Assim que a corrida acabou, ainda no calor da emoção, a equipe do Parabólica dimensionou a grandiosidade do feito e ressaltou o quão “brasileiro” havia se tornado Lewis Hamilton a partir daquele momento, como ficou claro nesse texto, nesse outro, nesse aqui e também nesse). Não demorou para que o mundo da política também notasse e o assunto, por mais inusitado que pudesse parecer, entrasse na pauta do dia no Congresso Nacional.
O título da temporada de 2021 não veio, mas a parte mais marcante da campanha daquele ano rendeu ao menos outro título ao britânico: o de Cidadão Honorário da República Federativa do Brasil. A cerimônia de entrega da honraria, com direito a Câmara lotada e aclamação do público brasileiro, marca a poética redenção daquele que já se viu no papel de vilão e conseguiu se colocar na posição do herói perante a audiência.
Após receber a homenagem, Hamilton foi conhecer ativistas negros brasileiros que o esperavam na Embaixada Britânica. Os escutou, apoiou suas causas e incentivou. Jornada inversa à de outro piloto brasileiro, patriota de ocasião, que insiste em riscar a própria biografia ao se fazer ser voz e rosto do obscurantismo, da truculência, do ódio e da vioência. O ex-ídolo que se cansou de ser um típico anti-herói e resolveu, conscientemente, dar uma guinada em seu papel e ser o vilão - para mantermos a analogia teatral.
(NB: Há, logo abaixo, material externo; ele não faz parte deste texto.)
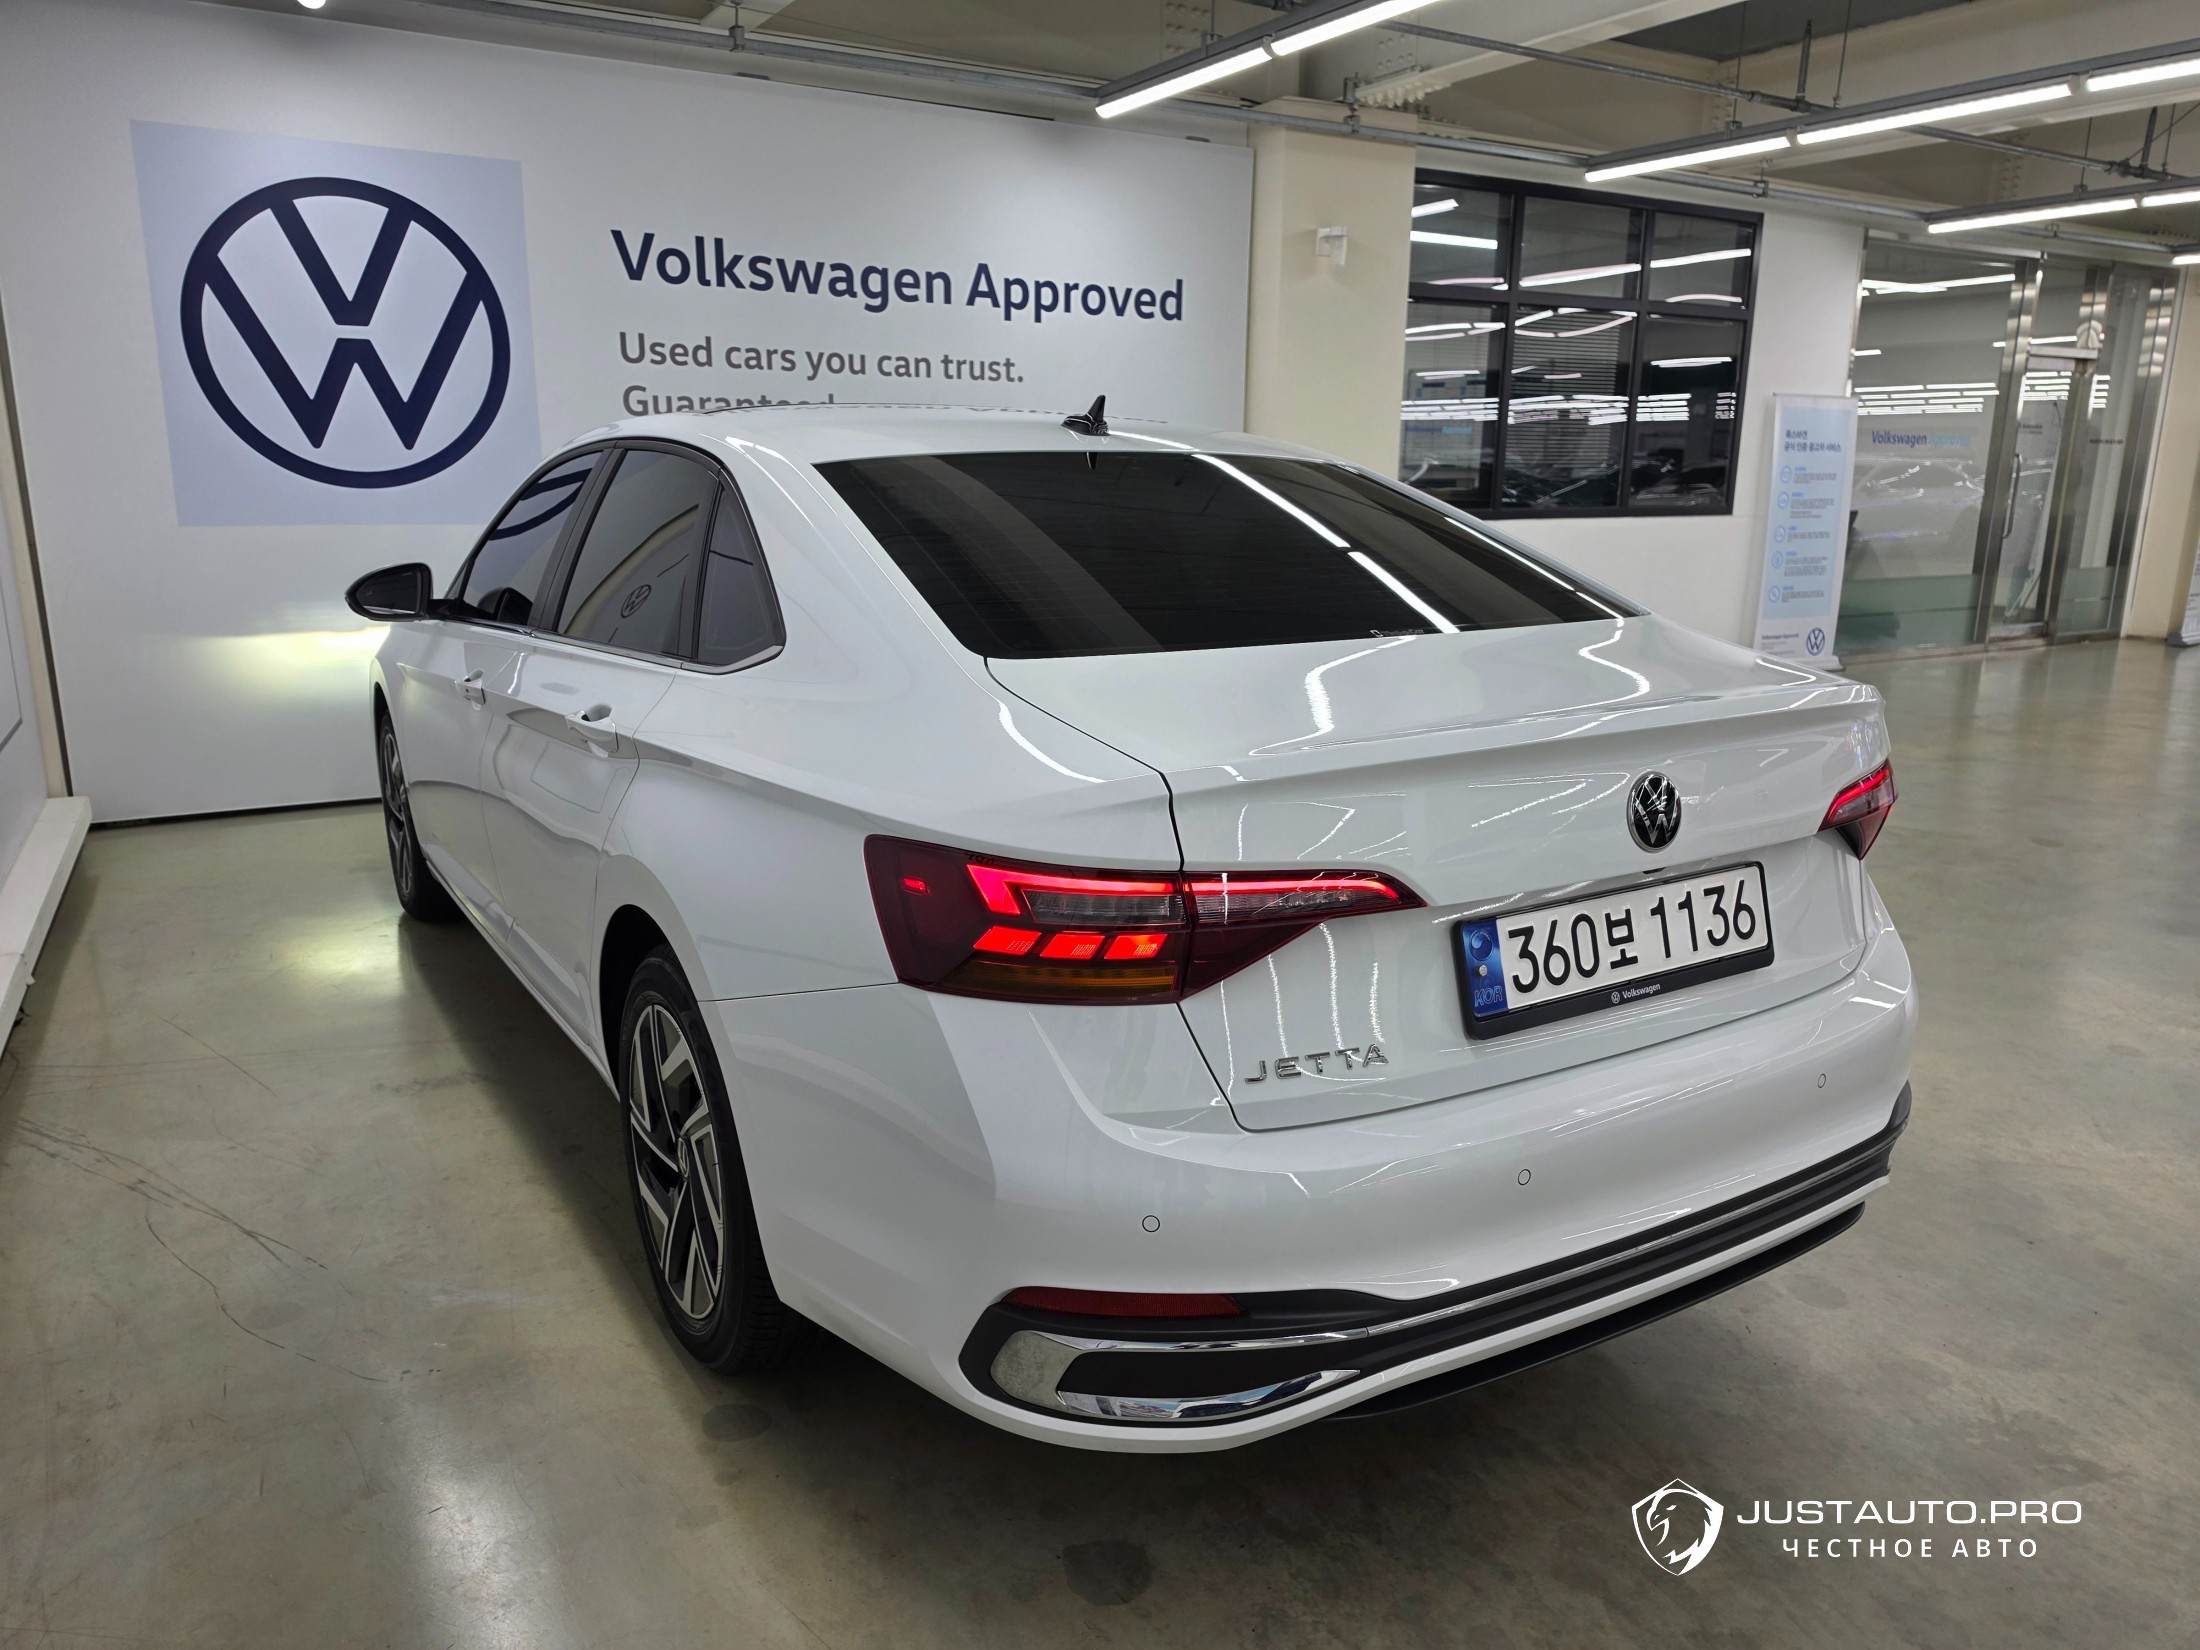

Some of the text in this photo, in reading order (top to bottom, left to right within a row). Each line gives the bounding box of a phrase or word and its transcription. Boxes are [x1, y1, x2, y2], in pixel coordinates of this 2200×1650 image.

[610, 229, 1184, 324] Volkswagen Approved
[181, 177, 511, 489] VW
[618, 331, 1024, 384] Used cars you can trust.
[1872, 430, 1928, 448] Volkswagen
[1507, 879, 1756, 994] 360보 1136
[1473, 985, 1504, 1008] KOR
[1622, 983, 1661, 999] Volkswagen
[1244, 1043, 1389, 1084] JETTA
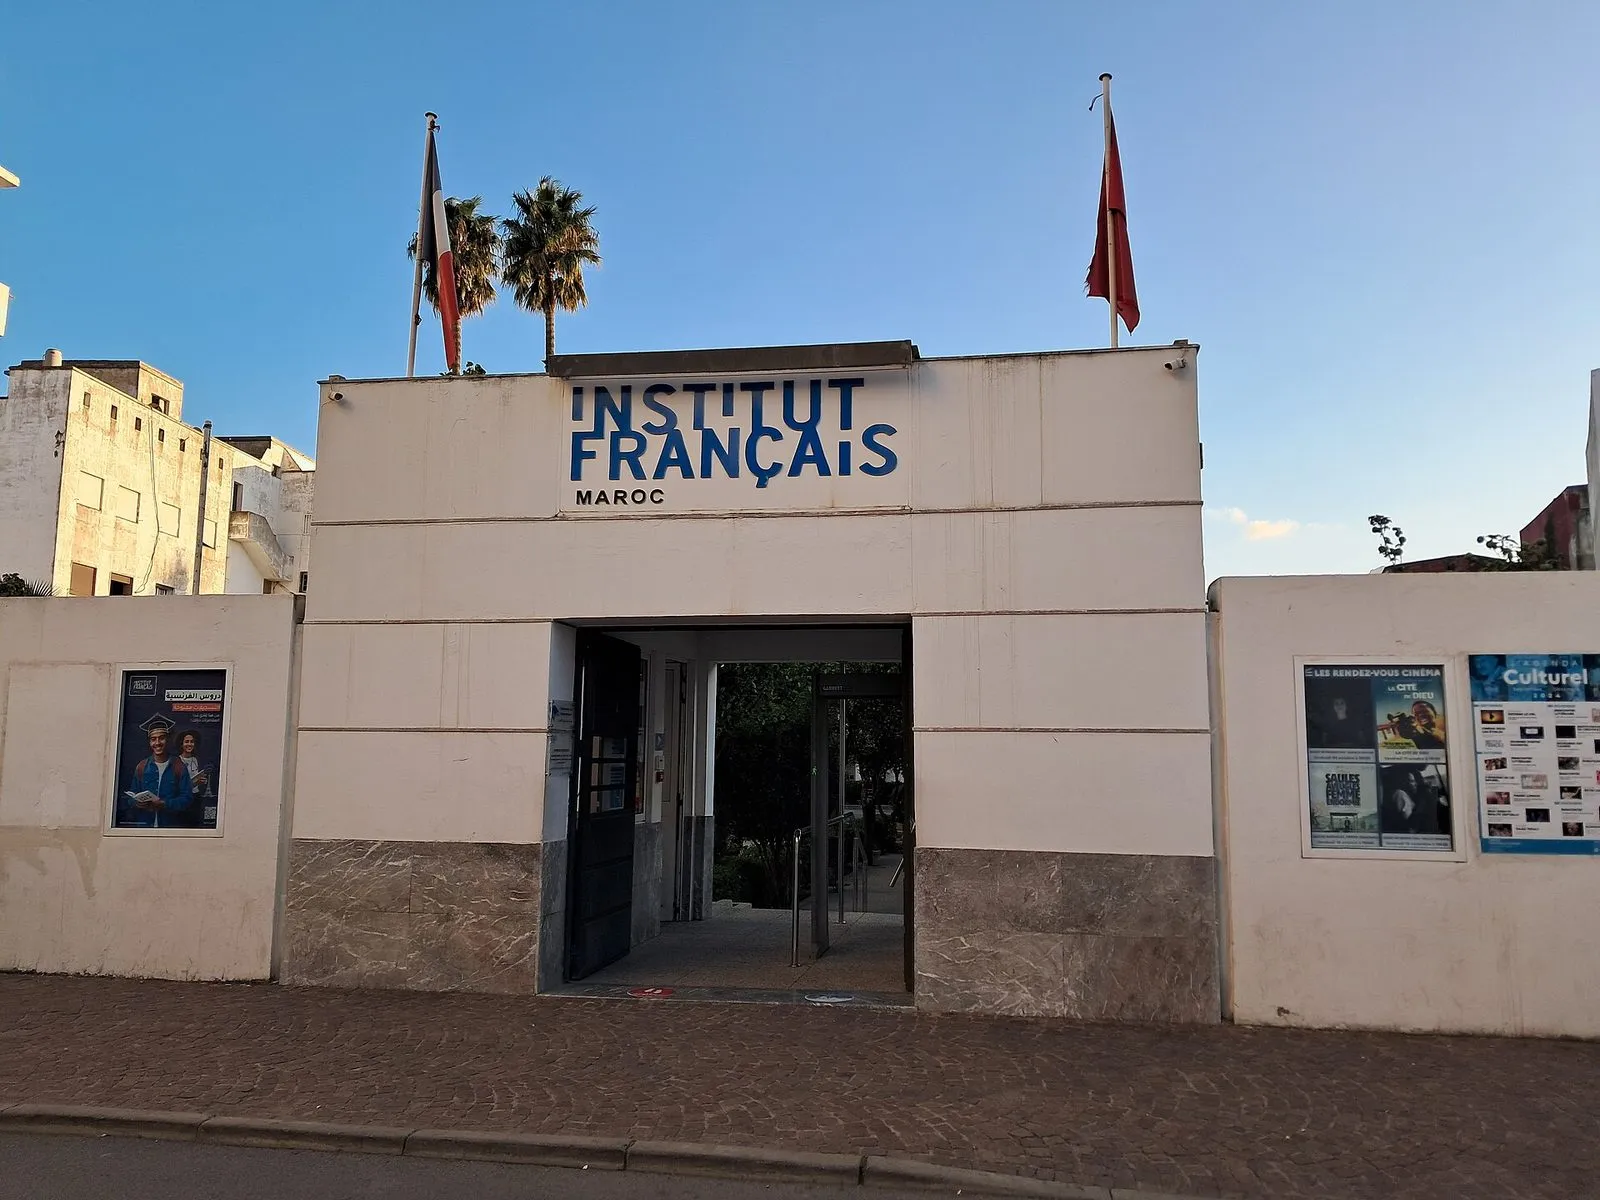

Hamilton, é claro, não conhece a fundo o Brasil e suas complexidades mil. Mas, talvez de forma inconsciente, aquele que “não vem ao Brasil nem para passar férias” fez mais pela nossa bandeira com um simples gesto em um evento esportivo do que aqueles que se dizem patriotas fizeram nos últimos anos. Em um dia que já entrou para história, um inglês nos lembrou que o verde e amarelo também podem significar superação, emoção e diversidade. E, só por isso, já é um grande brasileiro.